Óscar Fornés

Personal information
- Full name: Óscar Fornés López
- Date of birth: 2 March 1983 (age 42)
- Place of birth: Benicarló, Spain
- Height: 1.84 m (6 ft 0 in)
- Position(s): Goalkeeper

Youth career
- Villarreal

Senior career*
- Years: Team / Apps / (Gls)
- 2002–2003: San Mateo
- 2003–2004: Castellón B
- 2004–2006: Elche B
- 2006: Elche / 1 / (0)
- 2006–2008: Villajoyosa / 32 / (0)
- 2008–2009: Gavà / 23 / (0)
- 2009–2010: Caravaca / 37 / (0)
- 2010–2011: Benidorm / 38 / (0)
- 2011–2012: Teruel / 12 / (0)
- 2012–2014: Olot / 59 / (0)
- 2014–2015: Torrevieja / 50 / (0)
- 2015–2018: Crevillente / 92 / (0)
- 2018–2021: La Nucía / 88 / (0)
- 2021–2022: Orihuela / 36 / (0)
- 2022–2023: Callosa Deportiva / 34 / (0)

= Óscar Fornés =

Spanish footballer

Óscar Fornés López (born 2 March 1983) is a Spanish former footballer who played as a goalkeeper.

==Club career==
Born in Benicarló, Province of Castellón, Valencian Community, Fornés finished his youth career with local club Villarreal CF, and made his senior debut with amateurs UD San Mateo in the 2002–03 season. The following year, he joined CD Castellón B.

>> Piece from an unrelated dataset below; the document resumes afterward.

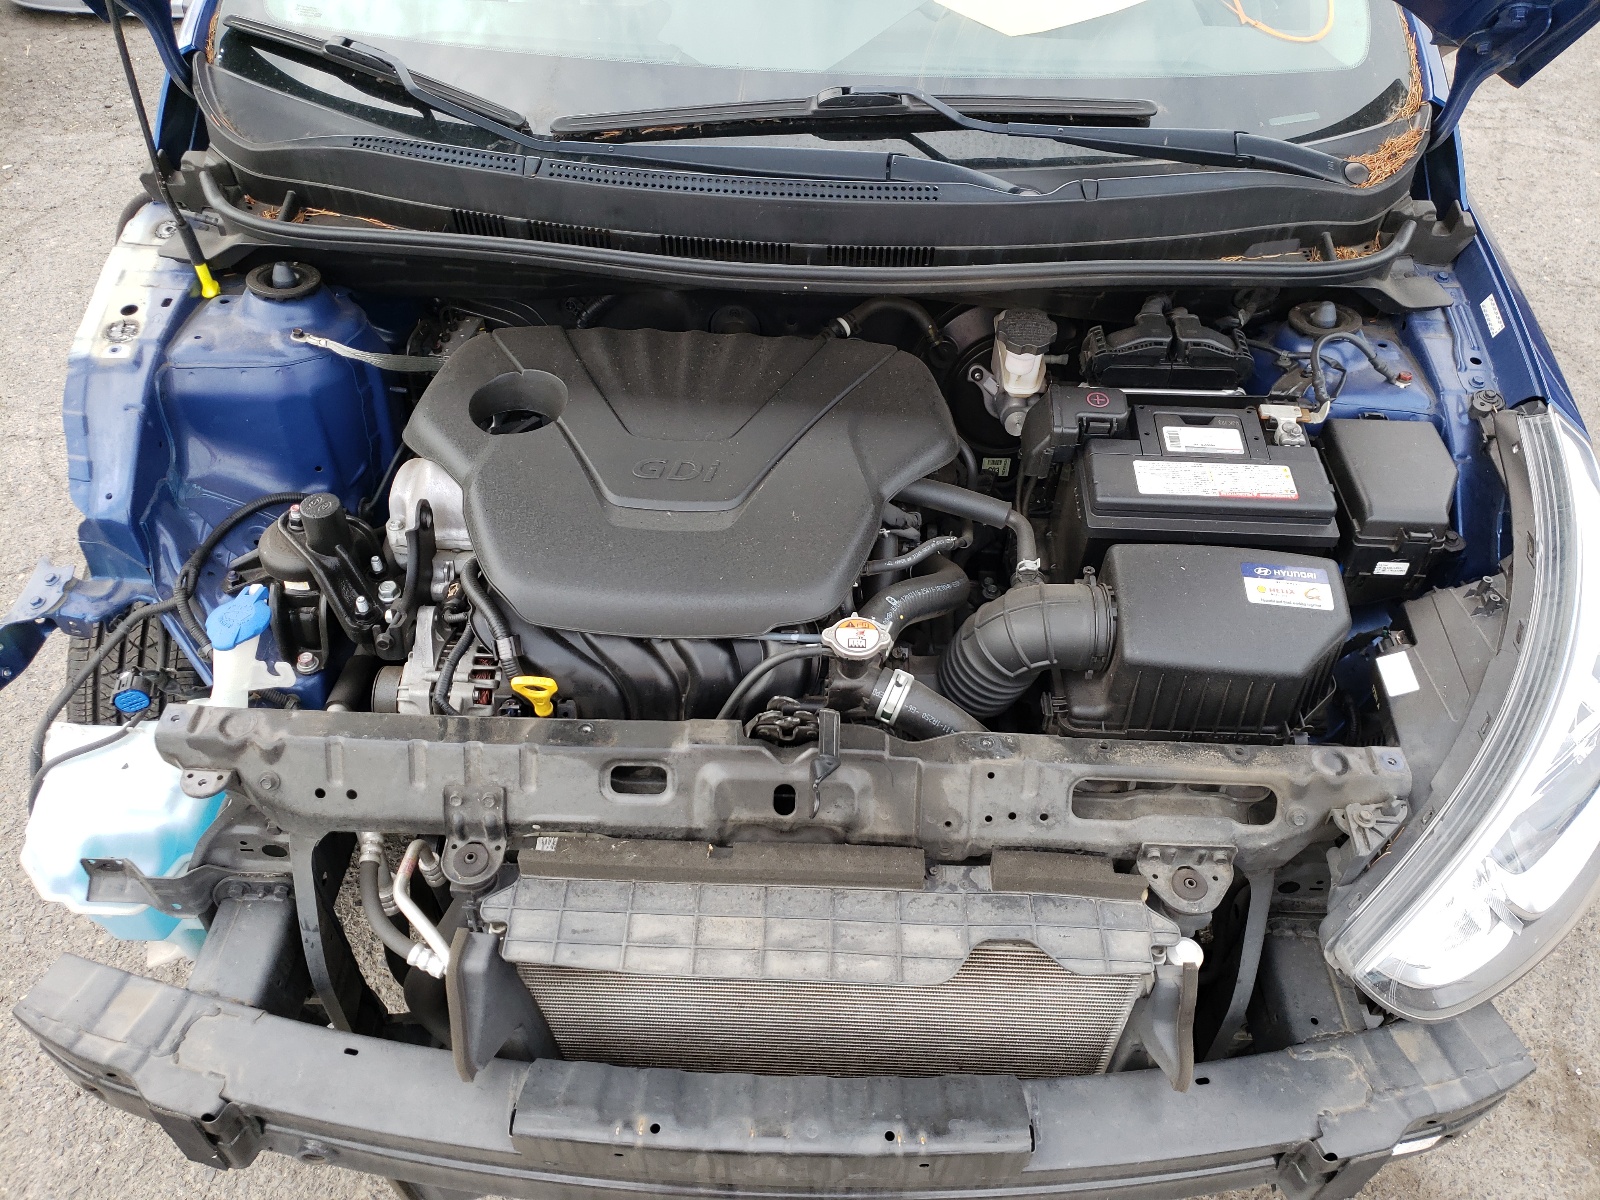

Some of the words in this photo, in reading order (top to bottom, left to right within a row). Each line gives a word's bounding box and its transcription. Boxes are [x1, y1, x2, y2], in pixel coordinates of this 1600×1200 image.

[631, 456, 722, 483] GDi
[1273, 569, 1317, 580] HYUNDAI
[1269, 587, 1295, 595] HELIX

In the summer of 2004, Fornés signed with Elche CF, being initially assigned to the reserves in the Tercera División. On 17 June 2006 he played his only professional match, starting in a 2–2 Segunda División away draw against Real Valladolid.

Fornés competed in the Segunda División B but also in the fourth tier the following years, representing Villajoyosa CF, CF Gavà, Caravaca CF, Benidorm CF, CD Teruel and UE Olot. With the latter side, he achieved promotion to division three in 2013, appearing in 28 games and conceding only 21 goals during the campaign.